-- TO DO --
Output every entry below word for word, without its pictures.

(Saved entries)
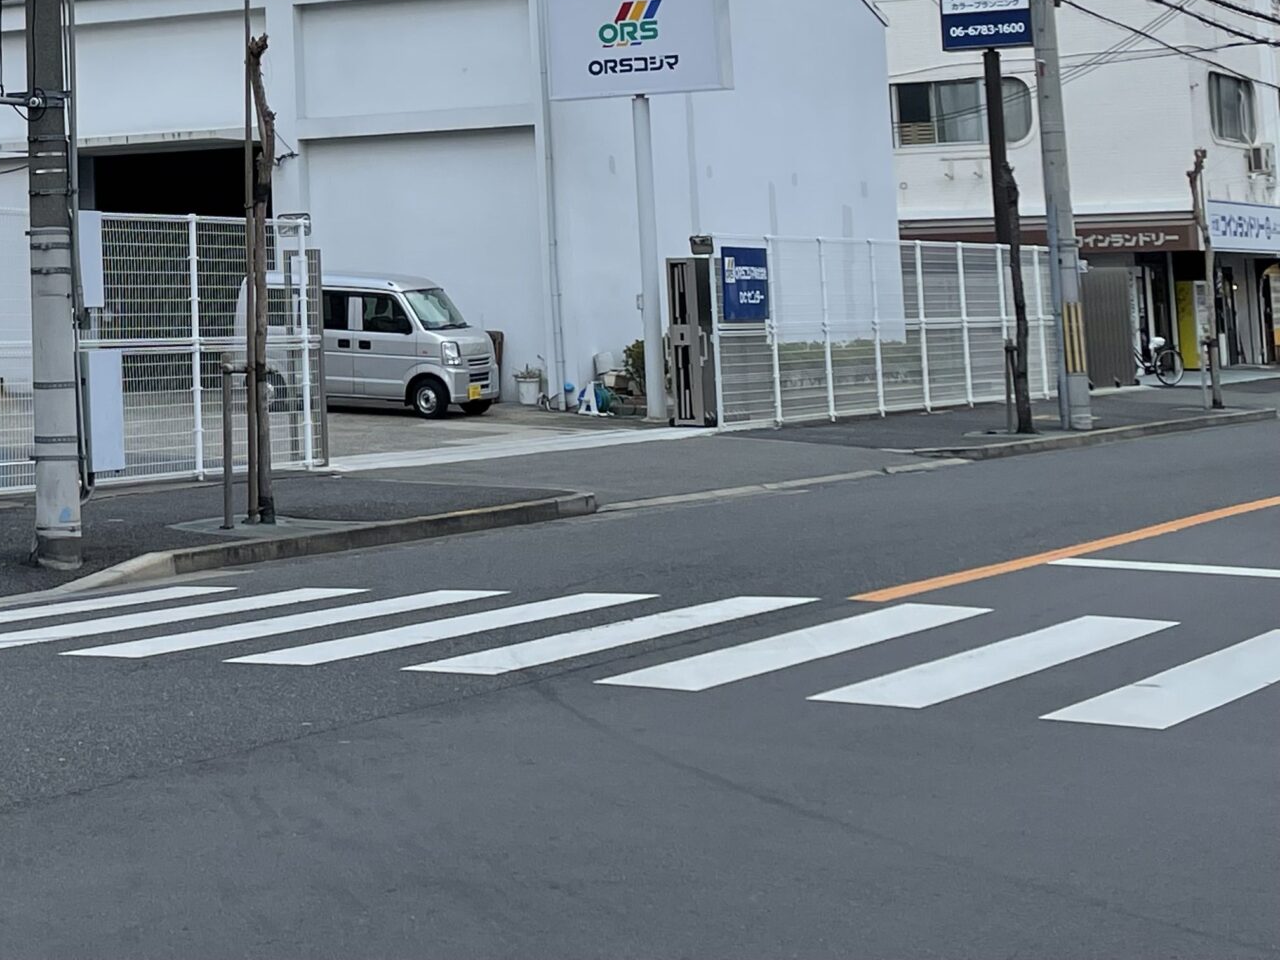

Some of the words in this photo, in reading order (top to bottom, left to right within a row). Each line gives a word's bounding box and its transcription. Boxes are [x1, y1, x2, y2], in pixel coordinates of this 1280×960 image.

[598, 20, 659, 44] ORS
[949, 22, 1026, 38] 06-6783-1600
[588, 54, 679, 76] ORSコジマ
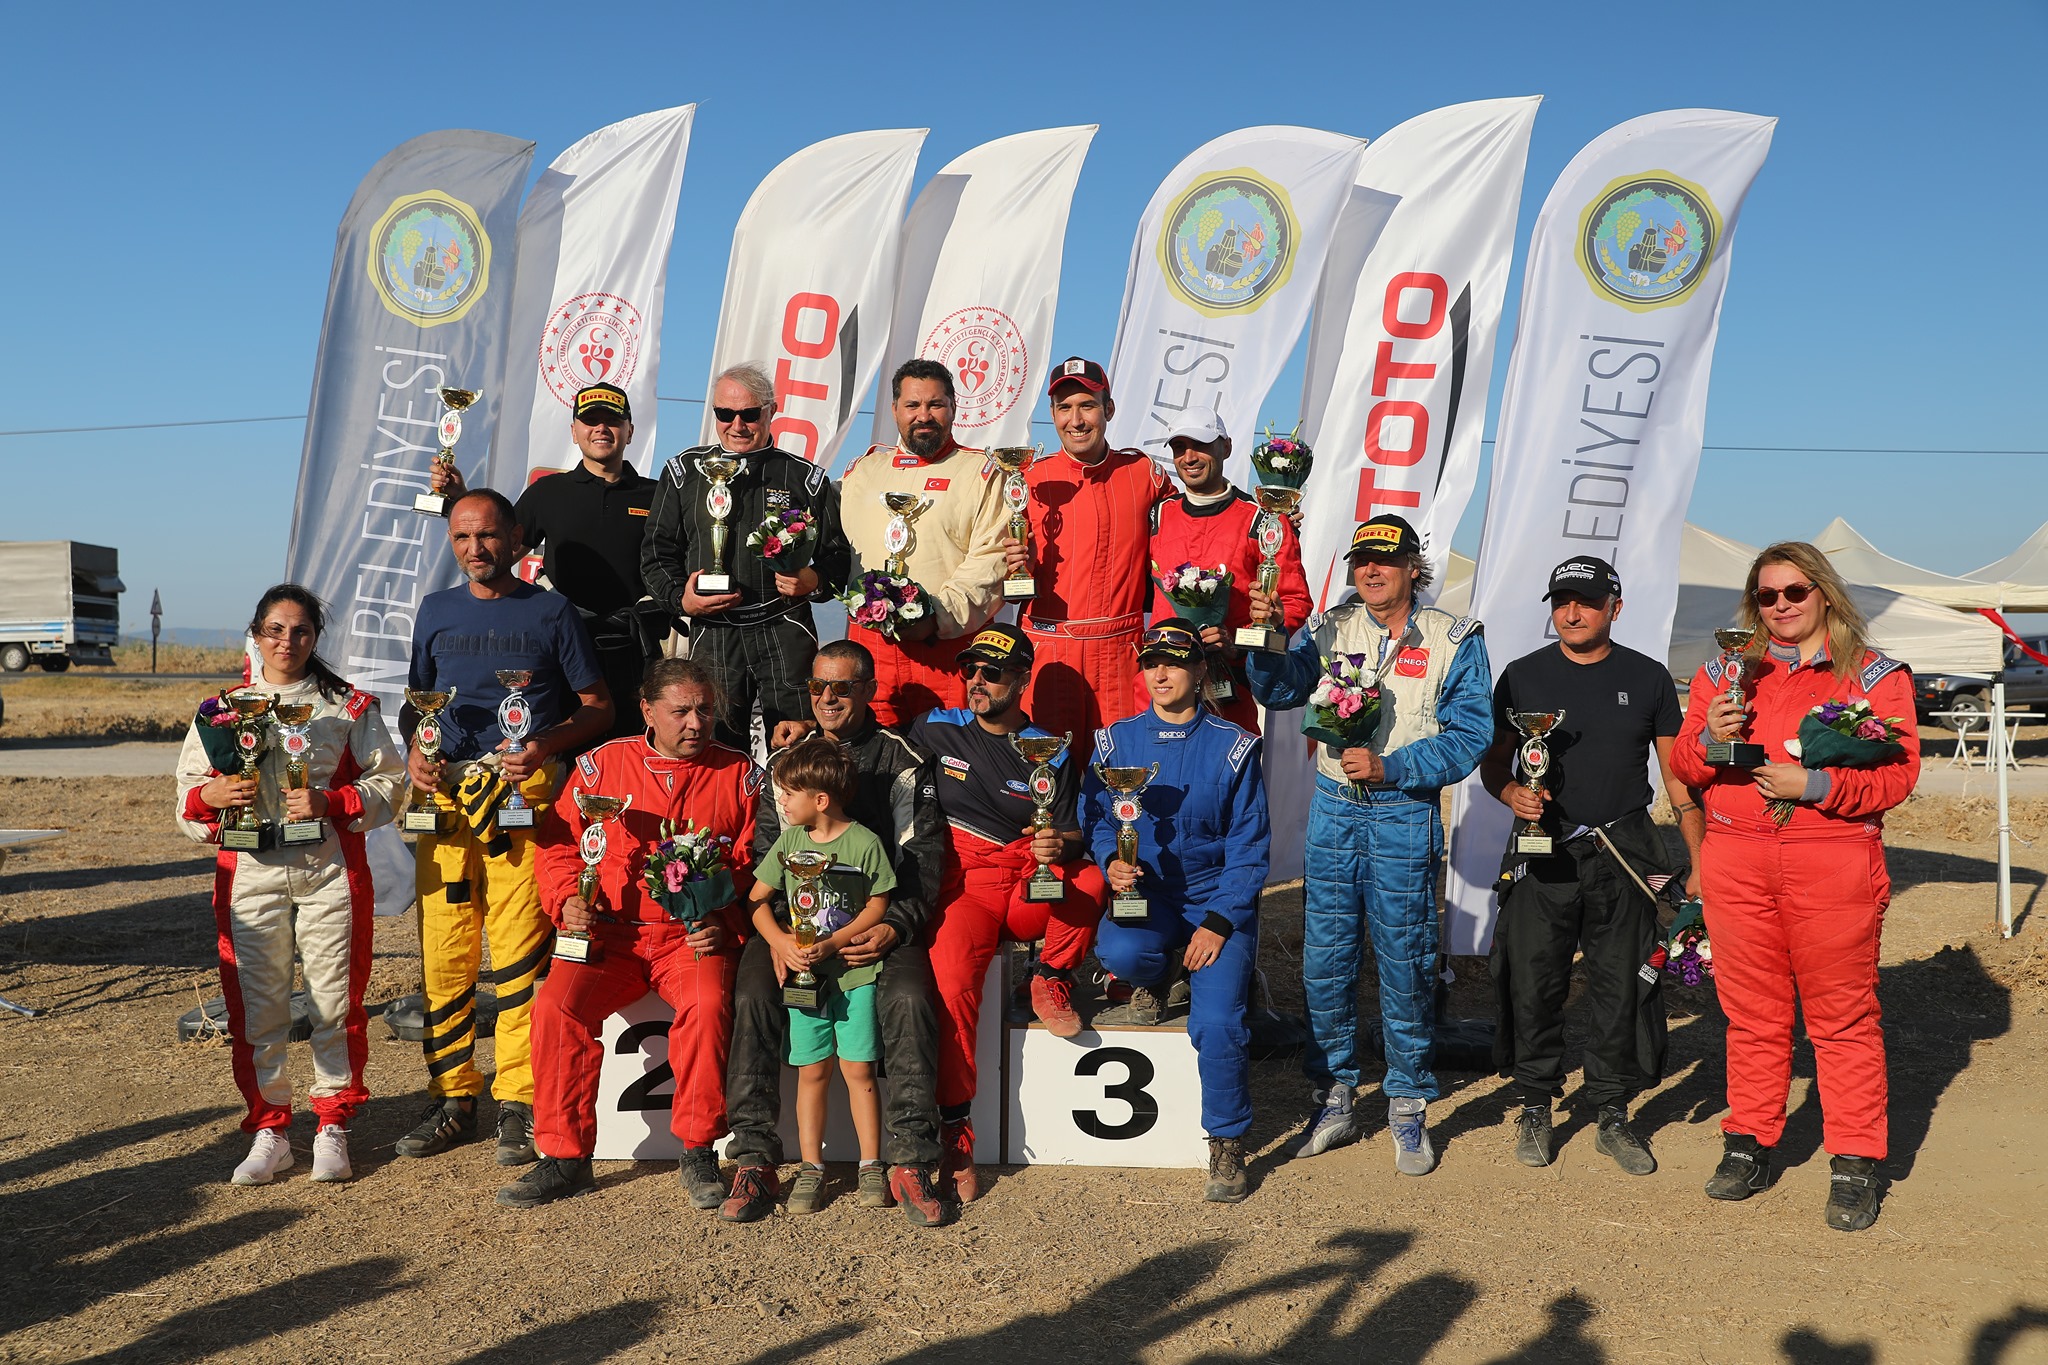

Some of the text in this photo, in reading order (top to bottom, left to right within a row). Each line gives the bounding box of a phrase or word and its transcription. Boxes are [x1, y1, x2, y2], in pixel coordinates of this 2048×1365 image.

[589, 314, 620, 330] GENÇLİK
[620, 326, 630, 337] VE
[967, 329, 997, 343] GENÇLİK
[939, 332, 967, 365] MHURİYETİ
[995, 340, 1004, 351] VE
[999, 350, 1007, 371] SPOR
[770, 291, 840, 464] OTO
[1354, 271, 1449, 522] TOTO
[1355, 527, 1398, 541] PIRELLI
[1555, 562, 1597, 575] WRC
[1398, 657, 1427, 668] ENEOS
[1864, 660, 1892, 681] sparco
[1158, 731, 1187, 739] sparco
[1231, 737, 1251, 761] sparco
[615, 1020, 673, 1112] 2
[1072, 1046, 1159, 1141] 3

-- TASK OUTPUT --
Some of the words in this photo, in reading order (top to bottom, left to right within a row). Each line gives a word's bounding box and its transcription. Boxes are [x1, y1, x2, y2], in pixel coordinates of this 1280×960 image.

[598, 20, 659, 44] ORS
[949, 22, 1026, 38] 06-6783-1600
[588, 54, 679, 76] ORSコジマ

Some of the text in this photo, in reading order (top to bottom, left to right within a row). Each line gives the bounding box of a phrase or word and its transcription. Boxes are [x1, y1, x2, y2], in pixel coordinates of this 2048×1365 image.

[589, 314, 620, 330] GENÇLİK
[620, 326, 630, 337] VE
[967, 329, 997, 343] GENÇLİK
[939, 332, 967, 365] MHURİYETİ
[995, 340, 1004, 351] VE
[999, 350, 1007, 371] SPOR
[770, 291, 840, 464] OTO
[1354, 271, 1449, 522] TOTO
[1355, 527, 1398, 541] PIRELLI
[1555, 562, 1597, 575] WRC
[1398, 657, 1427, 668] ENEOS
[1864, 660, 1892, 681] sparco
[1158, 731, 1187, 739] sparco
[1231, 737, 1251, 761] sparco
[615, 1020, 673, 1112] 2
[1072, 1046, 1159, 1141] 3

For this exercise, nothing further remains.